**TASK GOAL**. Copy out the data exactly, leaving the pictures behind.

**Referring expression grounding data**.

---*---

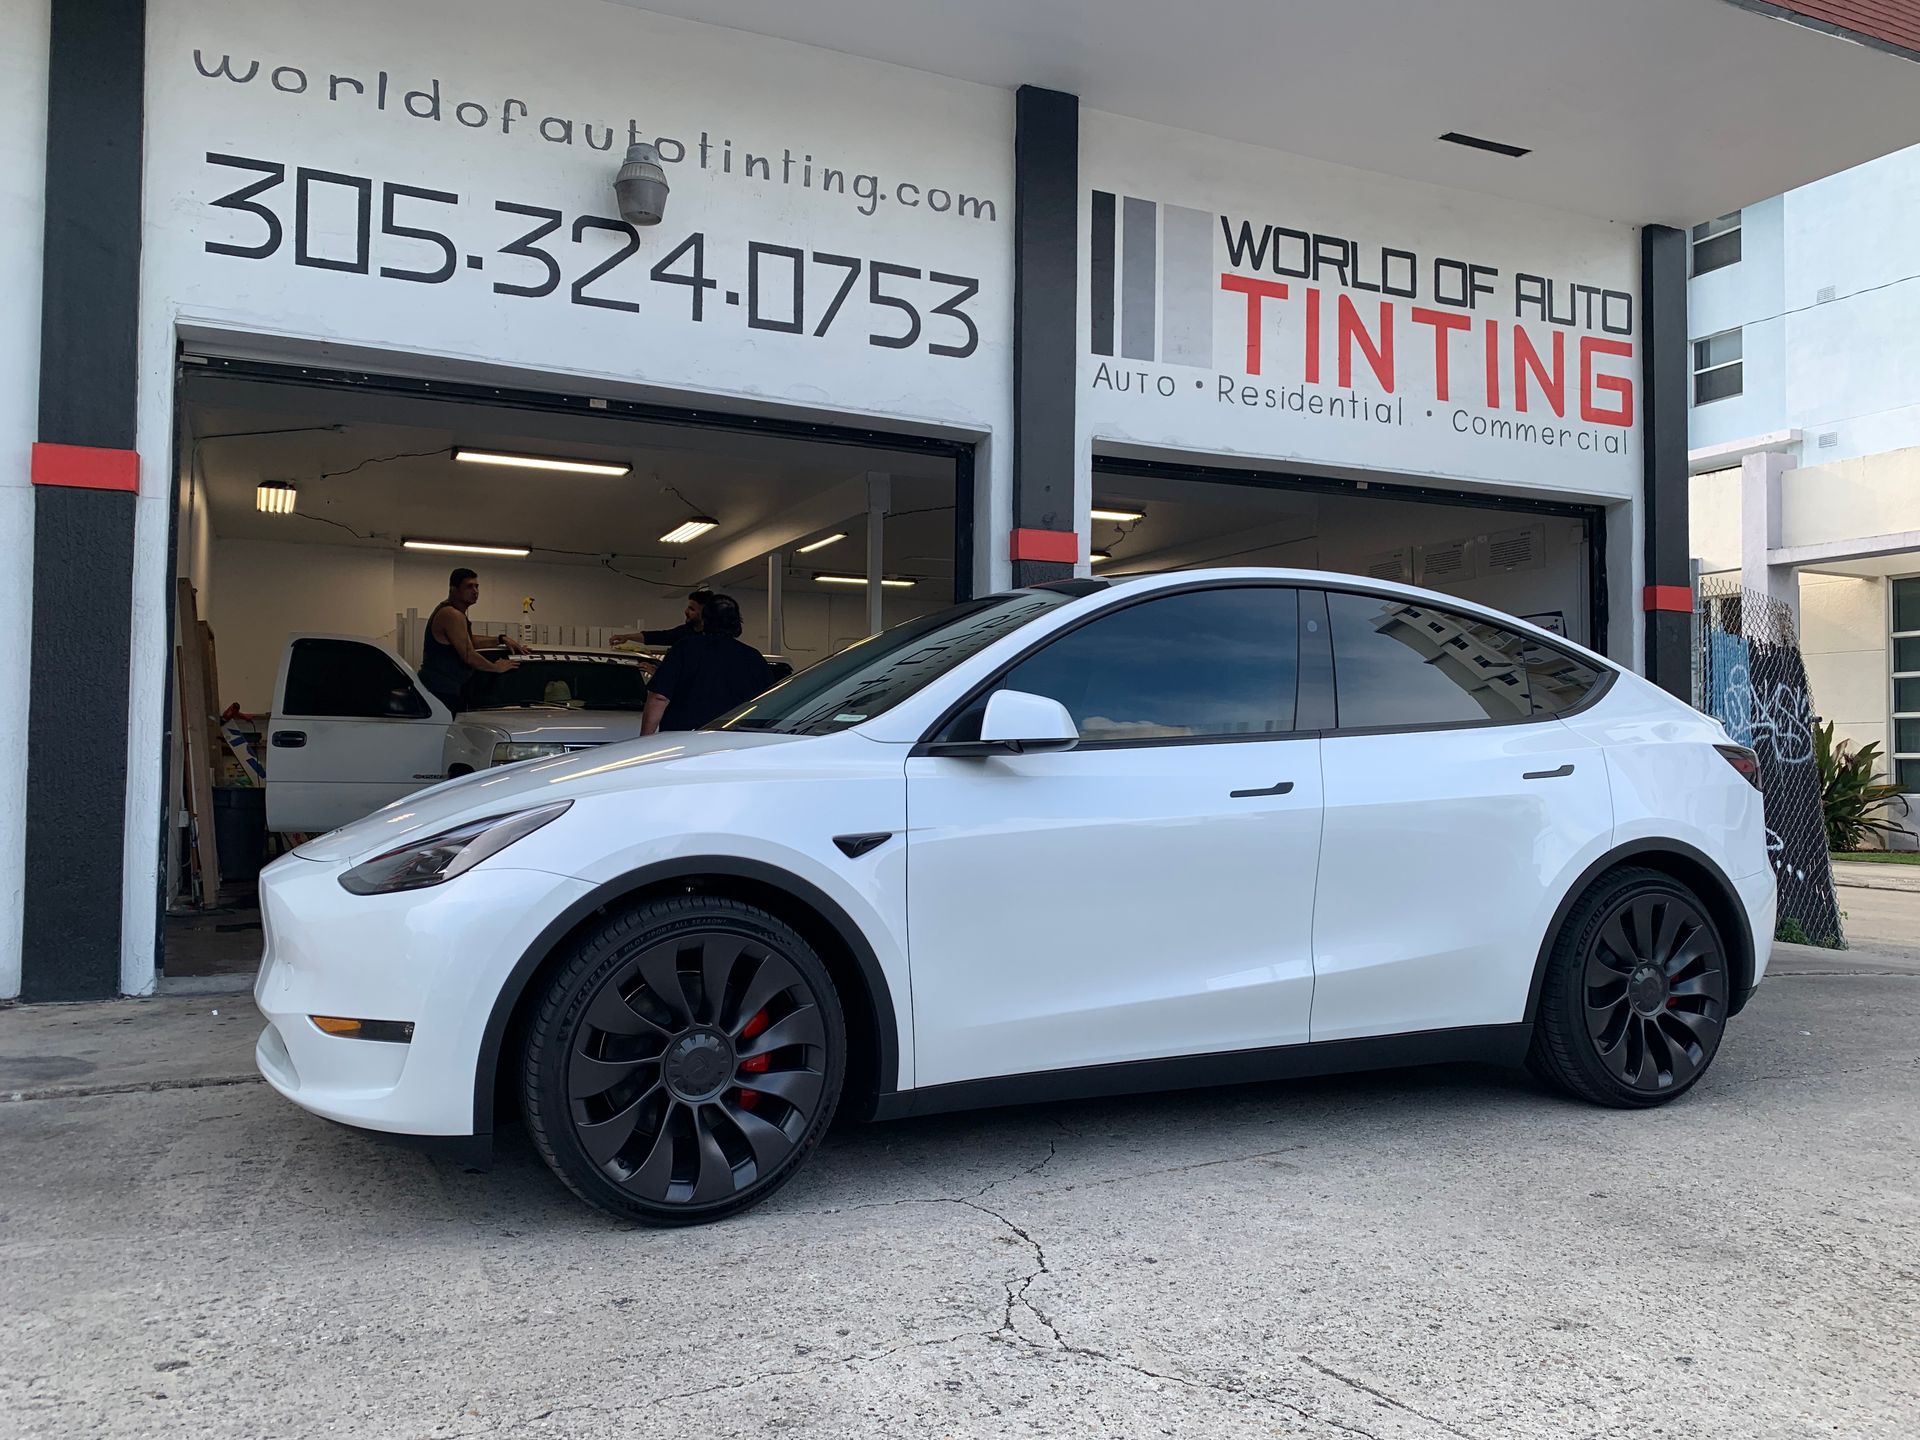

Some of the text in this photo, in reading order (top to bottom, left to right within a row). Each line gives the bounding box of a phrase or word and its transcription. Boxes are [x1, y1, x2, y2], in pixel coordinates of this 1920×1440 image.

[193, 49, 996, 222] worldofautotinting.com
[204, 151, 980, 359] 305.324.0753
[1220, 214, 1633, 336] WORLD OF AUTO
[1218, 375, 1403, 426] Residential
[1452, 408, 1629, 456] Commercial
[1220, 273, 1634, 428] TINTING

---*---

**RESULT**.
Some of the text in this photo, in reading order (top to bottom, left to right within a row). Each line gives the bounding box of a phrase or word and its transcription. Boxes are [x1, y1, x2, y2], in pixel coordinates of this 1920×1440 image.

[193, 49, 996, 222] worldofautotinting.com
[204, 151, 980, 359] 305.324.0753
[1220, 214, 1633, 336] WORLD OF AUTO
[1218, 375, 1403, 426] Residential
[1452, 408, 1629, 456] Commercial
[1220, 273, 1634, 428] TINTING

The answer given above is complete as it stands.